Que no es nueva la tendencia que lleva a muchos y muchas a descubrir diversos campos en flor, desde los almendros y cerezos que embellecen la primavera o los de lavanda, que están por florecer.
Su popularidad ha alcanzado ya la prensa internacional y la revista National Geographic ha dedicado un artículo a los mejores destinos para ver florecer y Carmona se ha hecho un hueco entre los elegidos. En concreto, ocupa la segunda posición entre los destinos europeos, detrás de los tulipanes de los Países Bajos.

El mar amarillo de Sevilla que enamora a National Geographic
La prestigiosa publicación describe con estas palabras el extraordinario paraje que carmonense:
«Carmona es uno de los muchos pueblos blancos, pintados con cal apagada, que coronan las colinas de Andalucía. Durante la primavera, los girasoles florecen en más de 74.000 hectáreas alrededor de la localidad. La mejor época para verlos es de mayo a junio, y no se necesita coche para llegar».
Este espectáculo natural se ha convertido en el escenario idóneo para fotógrafos profesionales y creadores de contenido de todo el mundo. La luz dorada del atardecer andaluz, combinada con el contraste del amarillo infinito de las flores y el blanco encalado del pueblo al fondo, ofrece una de las estampas más instagrameables de la península, transformando el turismo rural de la zona en una experiencia completamente sensorial.
El origen de la obsesión de Japón por este rincón andaluz
Si bien el covid ha impedido la afluencia del turismo asiático como en otras ocasiones, el turista japonés es un de los que tiene mayor predilección por esta escapada próxima a Sevilla. De hecho, más de 3.000 personas procedentes del país nipón acuden a verlos cada año.
Al parecer, hace 15 años la televisión japonesa emitía una serie de animación muy popular sobre el rey Don Pedro. Con el tiempo, este interés fue acaparado por sus campos de girasoles. Para ellos es un símbolo de vida, luz y energía.

Más allá de la belleza: el «superpoder» de los girasoles
Con semejante precedente, el Ayuntamiento de Carmona, a través de la Oficina de Turismo, ha incentivado las visitas a este espacio ofreciendo facilidades al visitante, que cada vez es más local.
Se dice que los girasoles son un método de limpieza de radiaciones nucleares.
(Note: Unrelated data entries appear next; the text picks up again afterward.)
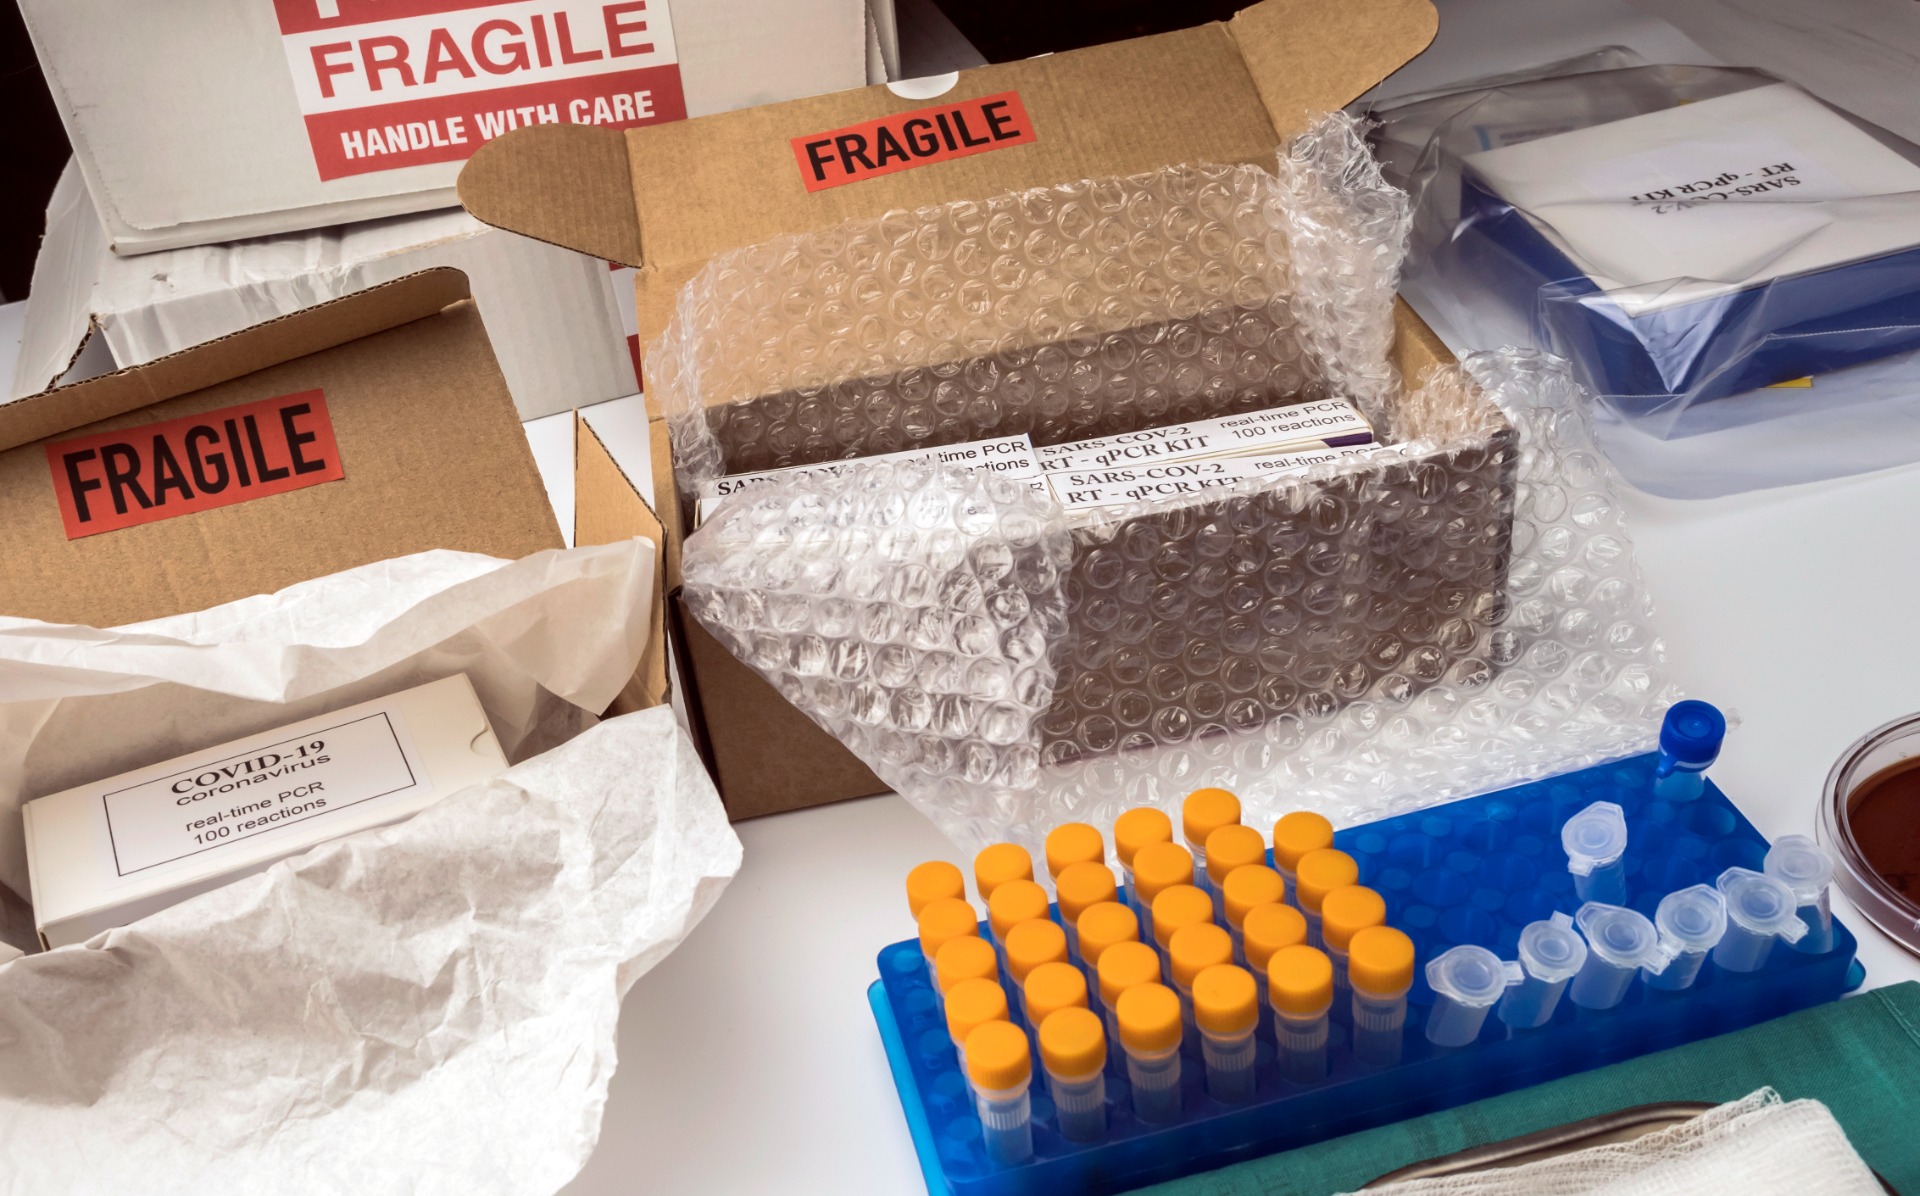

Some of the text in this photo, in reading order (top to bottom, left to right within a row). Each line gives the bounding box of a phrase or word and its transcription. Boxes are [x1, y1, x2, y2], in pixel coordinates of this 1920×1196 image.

[309, 0, 655, 99] FRAGILE
[340, 90, 655, 160] HANDLE WITH CARE
[805, 100, 1021, 182] FRAGILE
[1675, 172, 1740, 194] qPCR
[1760, 162, 1797, 178] RT
[1219, 400, 1350, 429] real-time PCR
[1232, 413, 1357, 439] 100 reactions
[982, 441, 1028, 457] PCR
[1039, 455, 1074, 471] RT
[1095, 443, 1162, 467] qPCR
[1164, 435, 1210, 453] KIT
[1042, 426, 1192, 457] SARS-COV-2
[62, 402, 326, 523] FRAGILE
[1069, 453, 1336, 486] SARS-COV-2 real-time
[1066, 488, 1103, 504] RT
[1125, 481, 1196, 501] qPCR
[171, 740, 325, 794] COVID-19
[176, 755, 332, 806] coronavirus
[186, 781, 326, 832] real-time PCR
[194, 798, 327, 845] 100 reactions
Y es que por ese motivo que suelen disponerse cerca de centrales nucleares.
De hecho, tras el accidente nuclear vivido en Fukushima se cultivaron girasoles en la zona porque está demostrado que absorben la radiación.
Esto se debe a un proceso biológico conocido como fitorremediación: las raíces del girasol son capaces de absorber metales pesados y elementos radiactivos (como el cesio y el estroncio) del suelo y del agua de manera mucho más eficiente que otras plantas, actuando como auténticos «aspiradores» ecológicos del planeta.
Una razón más para admirar este milagro de la naturaleza que, cada primavera, florece en Carmona.